[Text-to-region grounding data]
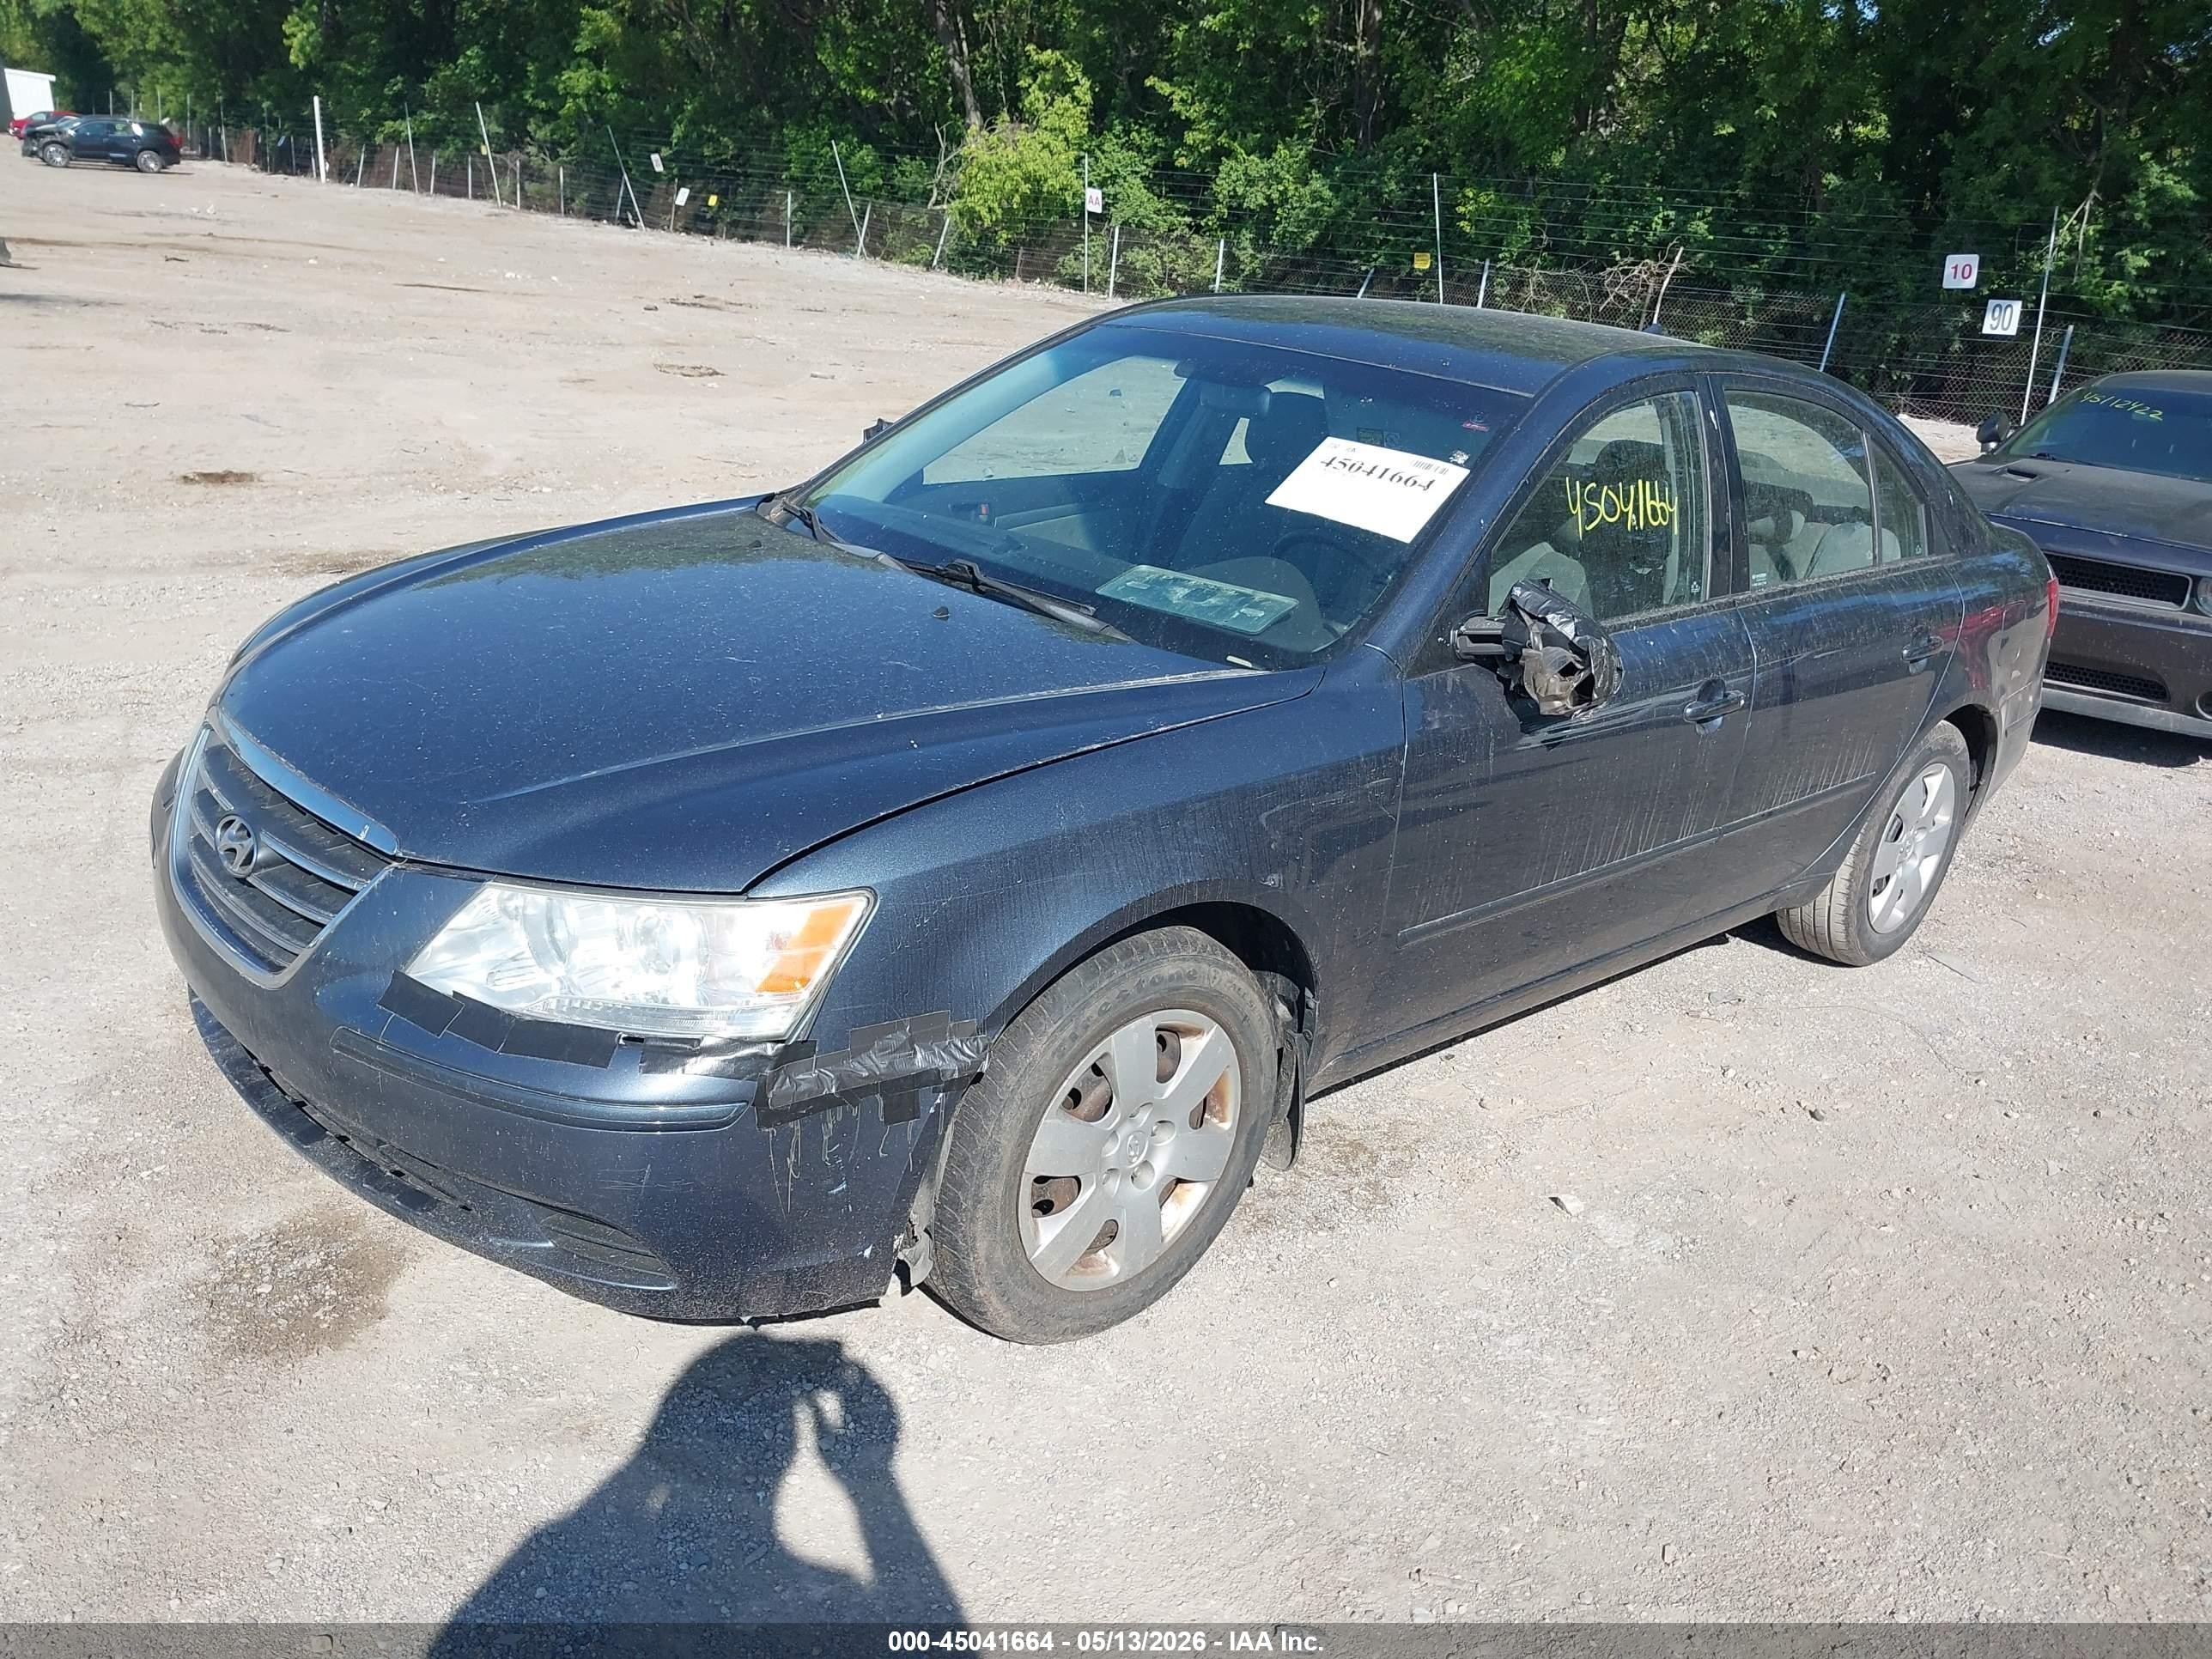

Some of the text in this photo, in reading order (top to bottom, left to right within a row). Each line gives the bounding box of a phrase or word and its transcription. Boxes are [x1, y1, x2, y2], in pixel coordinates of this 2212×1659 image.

[1088, 194, 1100, 206] AA
[1951, 263, 1972, 280] 10
[1989, 303, 2014, 331] 90
[1321, 455, 1436, 492] 45041664
[1565, 476, 1679, 541] 45041664

● DIRECTIONS: Your task is a word-for-word transcription of the entries, leaving out all pictures.

● OUTPUT BELOW:
Some of the text in this photo, in reading order (top to bottom, left to right within a row). Each line gives the bounding box of a phrase or word and its transcription. Boxes are [x1, y1, x2, y2], in pixel coordinates of this 2212×1659 image.

[1088, 194, 1100, 206] AA
[1951, 263, 1972, 280] 10
[1989, 303, 2014, 331] 90
[1321, 455, 1436, 492] 45041664
[1565, 476, 1679, 541] 45041664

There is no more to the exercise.